We have been reading through a battered copy of the Canterbury edition of the Cyclopedia of New Zealand, which was published in 1903. The Cyclopedia was heralded as a snapshot in time of New Zealand, with photos of local residents and details about the towns and cities within Canterbury, its families, landowners and businessmen. The book may not be that historically accurate, as the people featured paid to be included, and chose what was written about them, so that it is more a rose-tinted record of (mainly) the well-heeled European men of the time, but it is interesting all the same. This was pre-WWI, and before the 1918 Flu epidemic, and I look through at the stoic photographs of New Zealanders at the time, and really, they aren’t that much different to all of us now. They would have had little idea how much their lives would change in a decade or so. When the Spanish Flu hit, the country was already depleted from the war, but their experience was similar in many ways. The country did go into a kind of lockdown, medical care was spread thin. Public places closed and events were postponed. There was concern over passenger ships, such as the RMS Niagara, bringing in the virus. The returning soldiers were not quarantined as they were in Australia, and the disease spread like wildfire, and so that pandemic taught us the importance of a quick Government response, self-isolation, quarantine and ‘flattening of the curve’ to ease pressure on our hospitals and medical staff. History repeats, but with expensive lessons learned and implemented so we can have a much better outcome.

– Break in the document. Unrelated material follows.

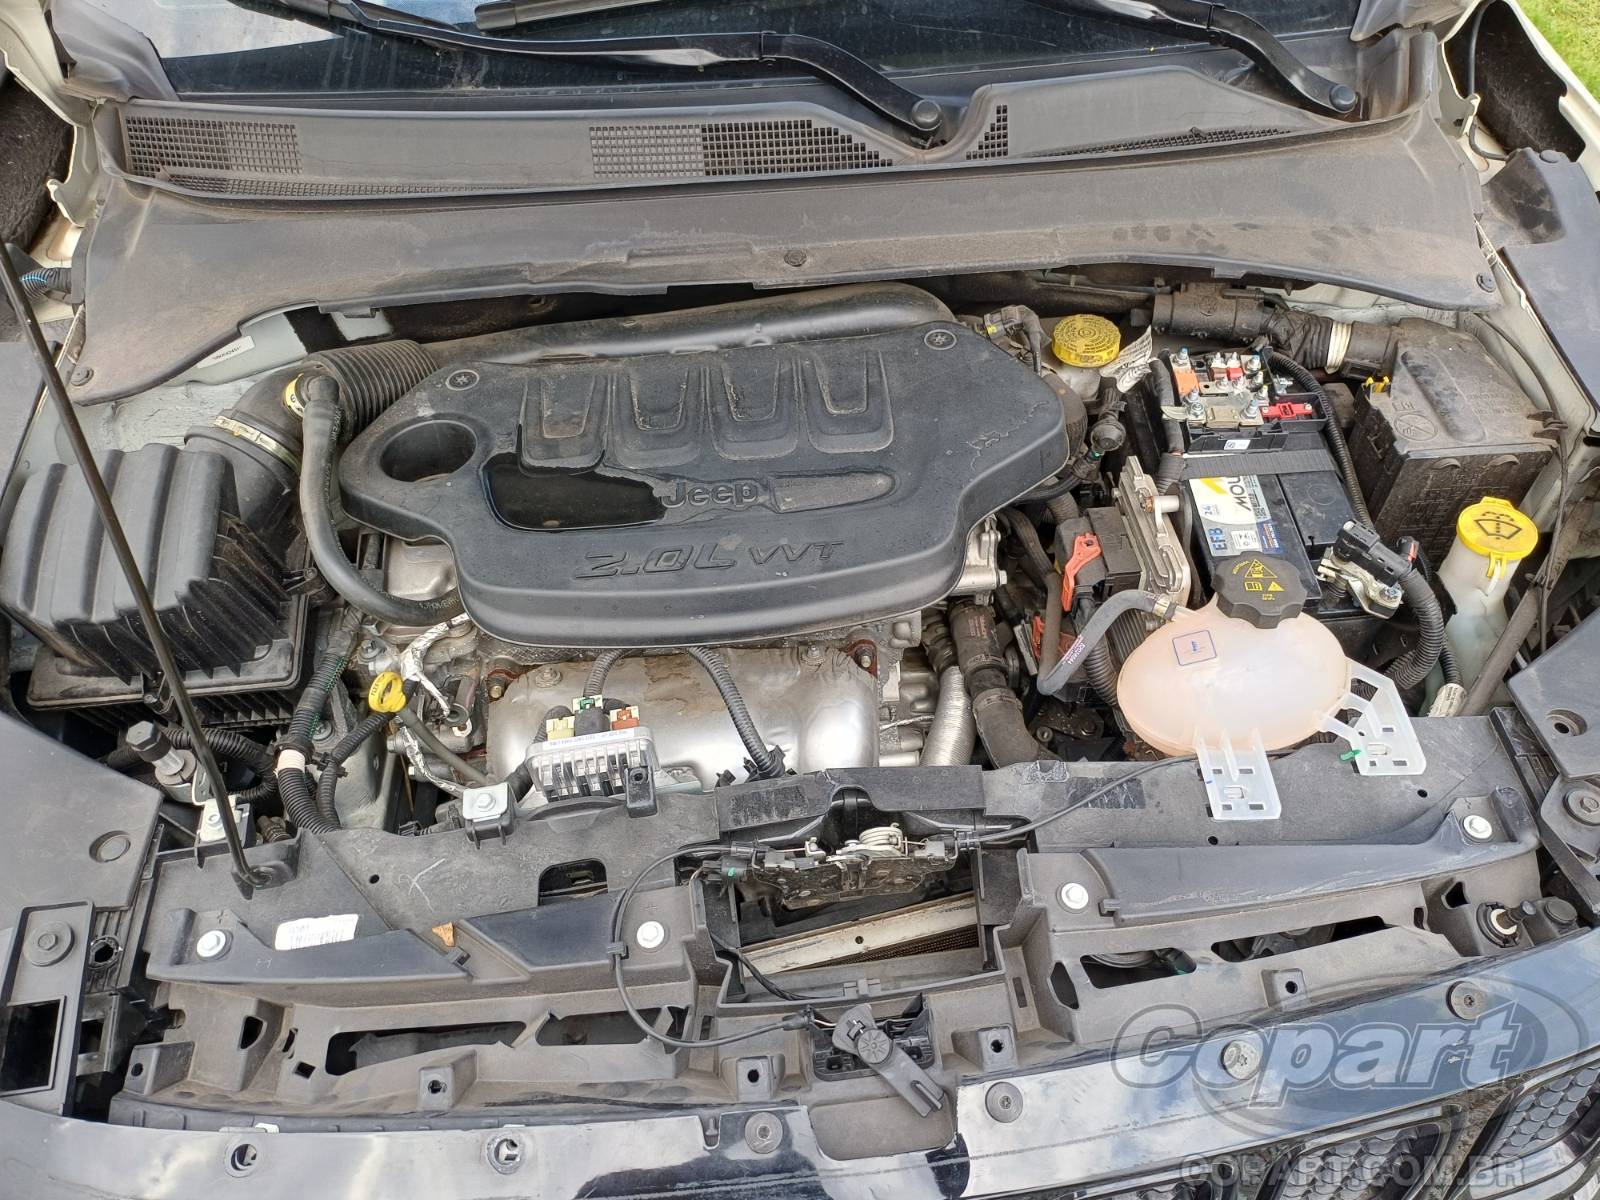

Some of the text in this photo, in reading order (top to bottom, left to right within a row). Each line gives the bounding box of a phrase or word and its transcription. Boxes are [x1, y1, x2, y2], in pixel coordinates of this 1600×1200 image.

[661, 480, 759, 507] Jeep
[1209, 527, 1228, 551] EFB
[574, 541, 845, 579] 2.0L VVT

For our children, in their innocence, this is a happy time. They have had their first ‘Zoom’ meeting with their classmates and teachers. Violet has been sewing, they have been collecting pinecones, and bags of walnuts and pears. They continue to build their elaborate and ever-evolving tree hut deep in the hidden realms of the hedge. They play with the puppy endlessly. Two and half years apart, they get frustrated and fight. Five minutes later they are best friends and playing soccer on the lawn, under the leaves of the ancient oak tree in the still-warm sunshine. Tonight is family movie night, and we will all hunker down on the couch with a bowl of popcorn and escape into a Pixar world full of predictable animated magic and inevitable happy endings.

Hopefully our children won’t remember the uncertainty of all this, but the Autumn when time slowed and they had nothing on their calendars to do other than to just be children, free to play and roam, all scraped knees and wild hair, and to let boredom fuel their imagination.